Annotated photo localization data
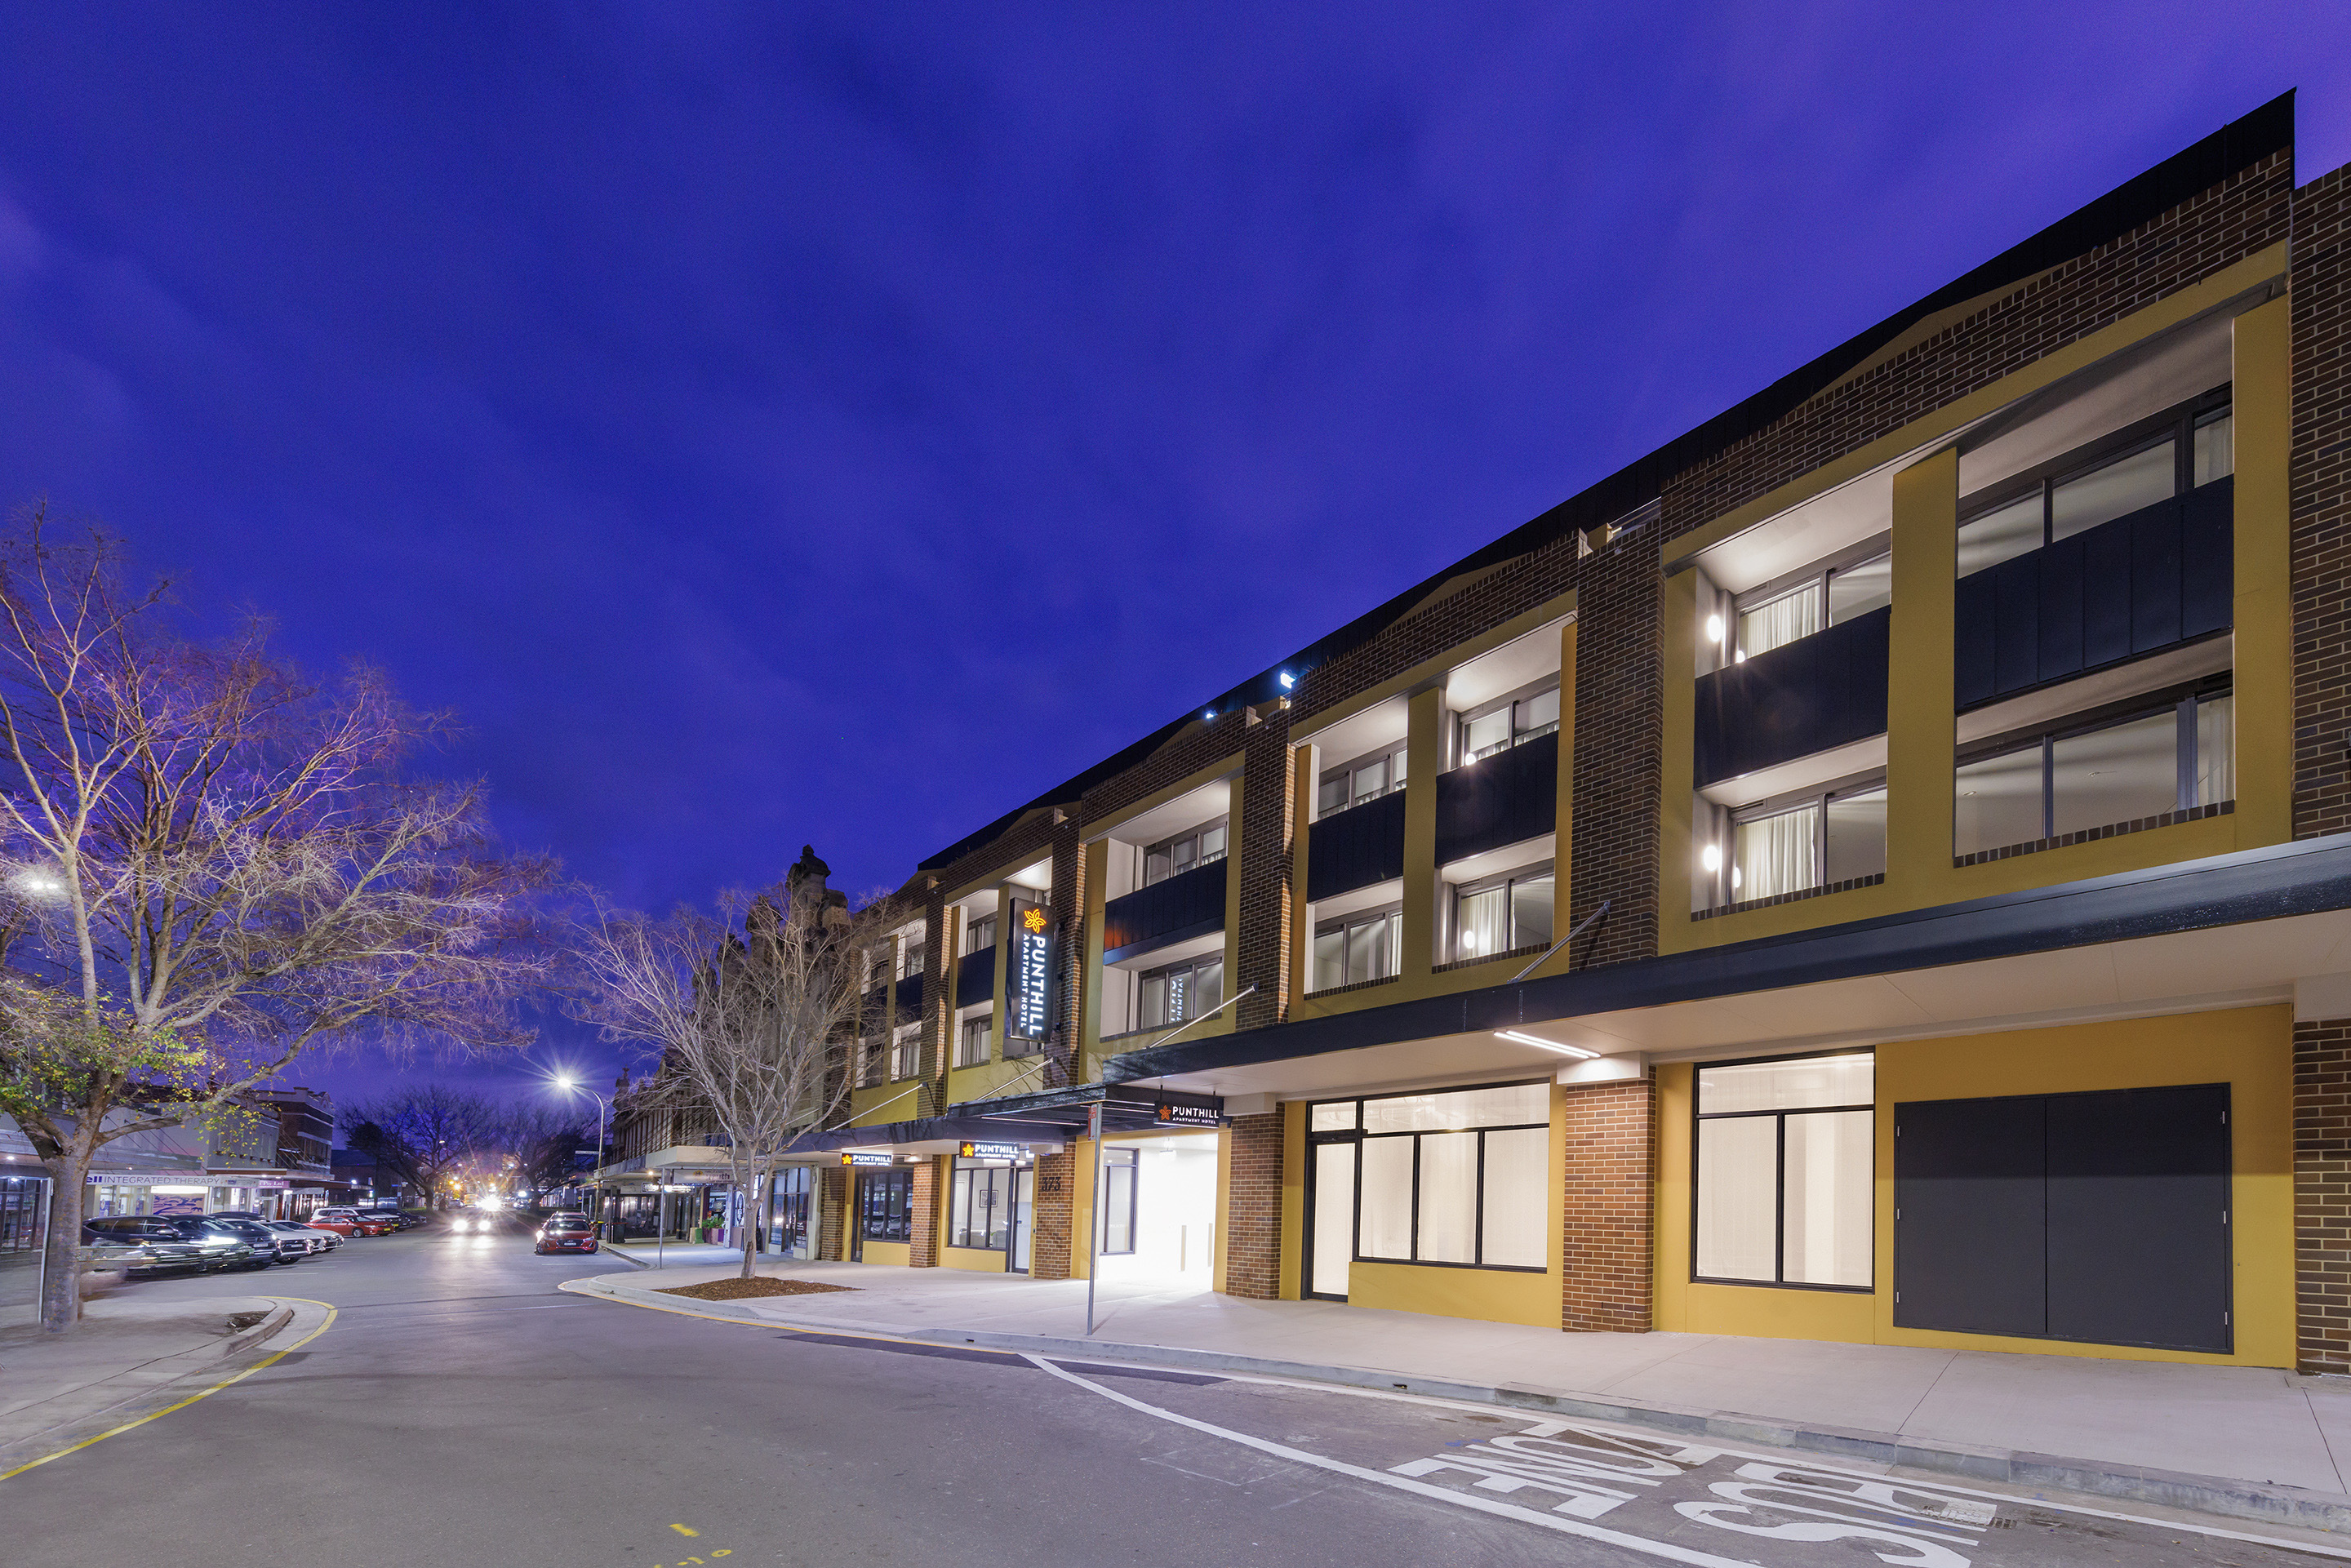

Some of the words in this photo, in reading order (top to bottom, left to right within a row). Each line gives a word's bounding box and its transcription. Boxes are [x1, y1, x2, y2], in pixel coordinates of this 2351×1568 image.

[1029, 935, 1046, 1035] PUNTHILL
[1172, 1106, 1219, 1119] PUNTHILL
[975, 1144, 1019, 1154] PUNTHILL
[104, 1175, 171, 1184] INTEGRATED
[174, 1176, 220, 1184] THERAPY
[1042, 1176, 1061, 1191] 373
[1388, 1422, 1722, 1519] ZONE
[1673, 1462, 1998, 1568] BUS
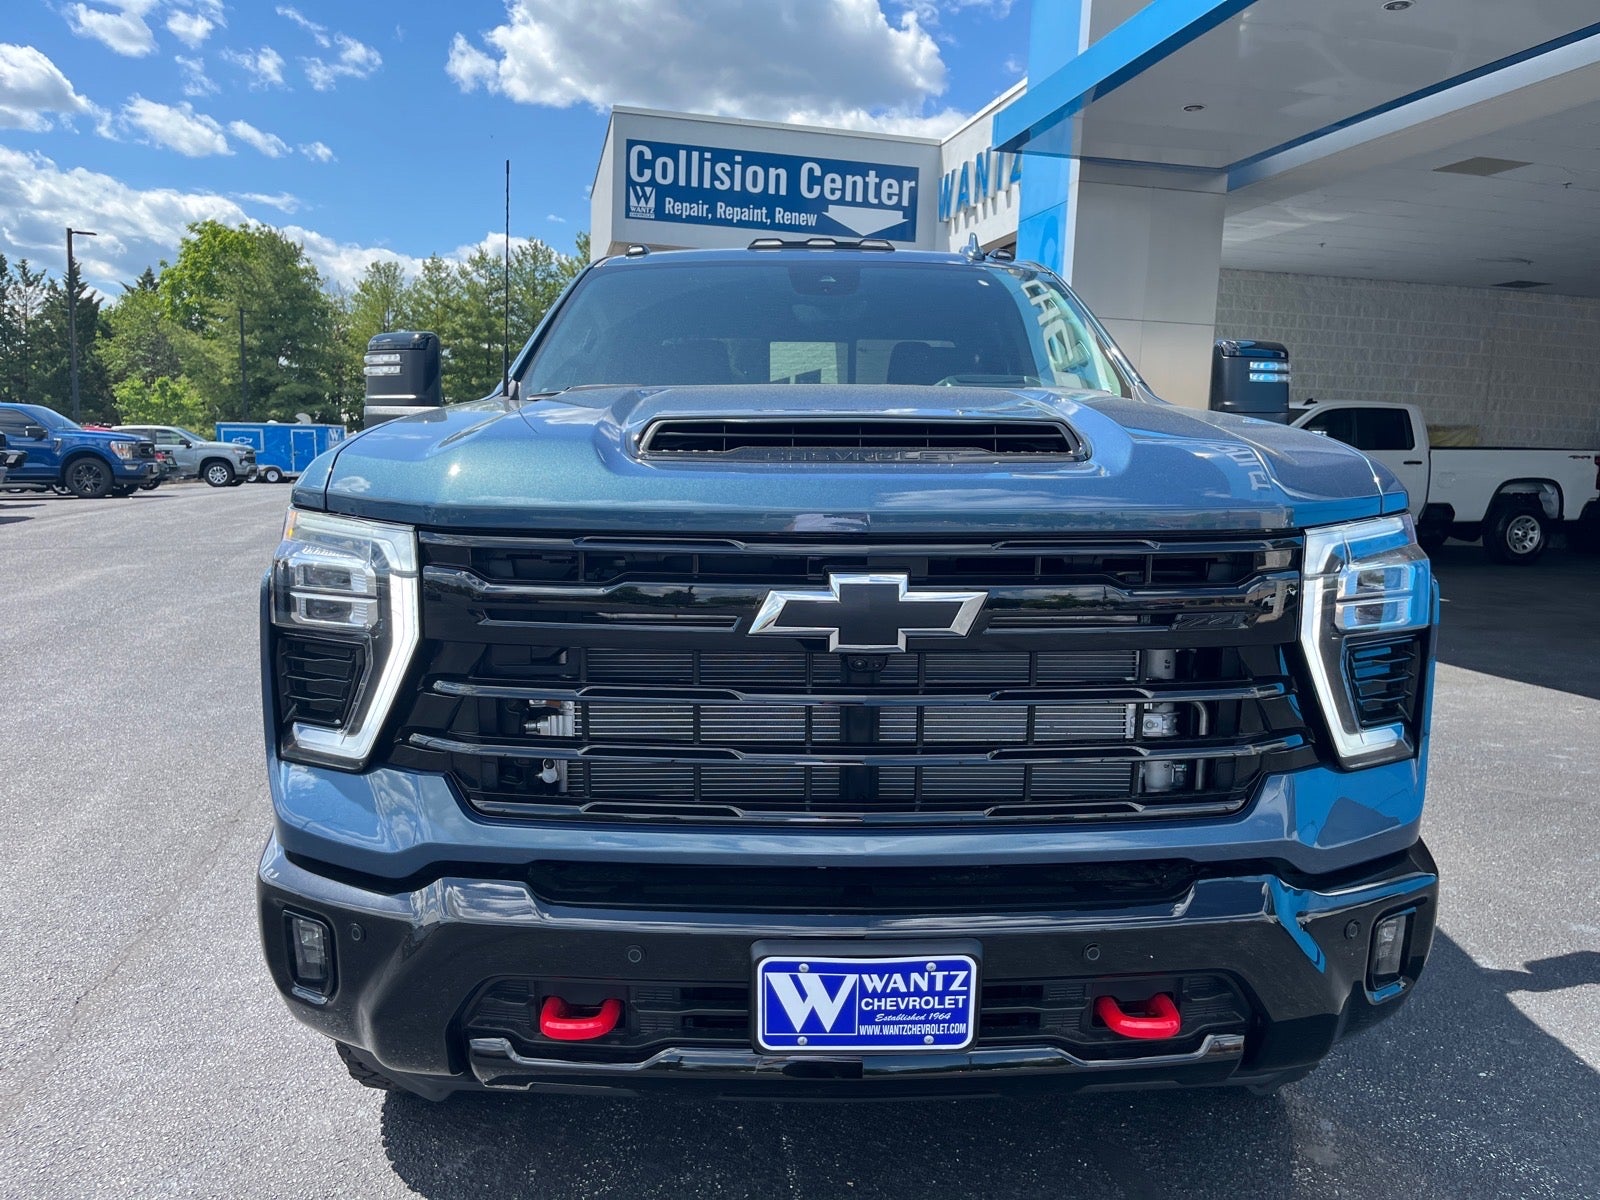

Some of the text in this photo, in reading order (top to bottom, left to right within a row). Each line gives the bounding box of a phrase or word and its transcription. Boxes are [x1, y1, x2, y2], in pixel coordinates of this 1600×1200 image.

[629, 144, 916, 207] Collision Center
[630, 206, 655, 214] WANTZ
[664, 197, 818, 227] Repair, Repaint, Renew
[861, 970, 969, 994] WANTZ
[766, 972, 859, 1034] W
[861, 995, 967, 1011] CHEVROLET
[875, 1012, 952, 1022] Established 1964
[859, 1022, 967, 1036] WWW.WANTZCHEVROLET.COM

## EXERCISE DESCRIPTION
All of the data above must be printed exactly, minus its pictures.

## ANSWER SPACE
Some of the words in this photo, in reading order (top to bottom, left to right within a row). Each line gives a word's bounding box and its transcription. Boxes are [x1, y1, x2, y2], in pixel coordinates of this 2351×1568 image.

[1029, 935, 1046, 1035] PUNTHILL
[1172, 1106, 1219, 1119] PUNTHILL
[975, 1144, 1019, 1154] PUNTHILL
[104, 1175, 171, 1184] INTEGRATED
[174, 1176, 220, 1184] THERAPY
[1042, 1176, 1061, 1191] 373
[1388, 1422, 1722, 1519] ZONE
[1673, 1462, 1998, 1568] BUS

Some of the text in this photo, in reading order (top to bottom, left to right within a row). Each line gives the bounding box of a phrase or word and its transcription. Boxes are [x1, y1, x2, y2], in pixel coordinates of this 1600×1200 image.

[629, 144, 916, 207] Collision Center
[630, 206, 655, 214] WANTZ
[664, 197, 818, 227] Repair, Repaint, Renew
[861, 970, 969, 994] WANTZ
[766, 972, 859, 1034] W
[861, 995, 967, 1011] CHEVROLET
[875, 1012, 952, 1022] Established 1964
[859, 1022, 967, 1036] WWW.WANTZCHEVROLET.COM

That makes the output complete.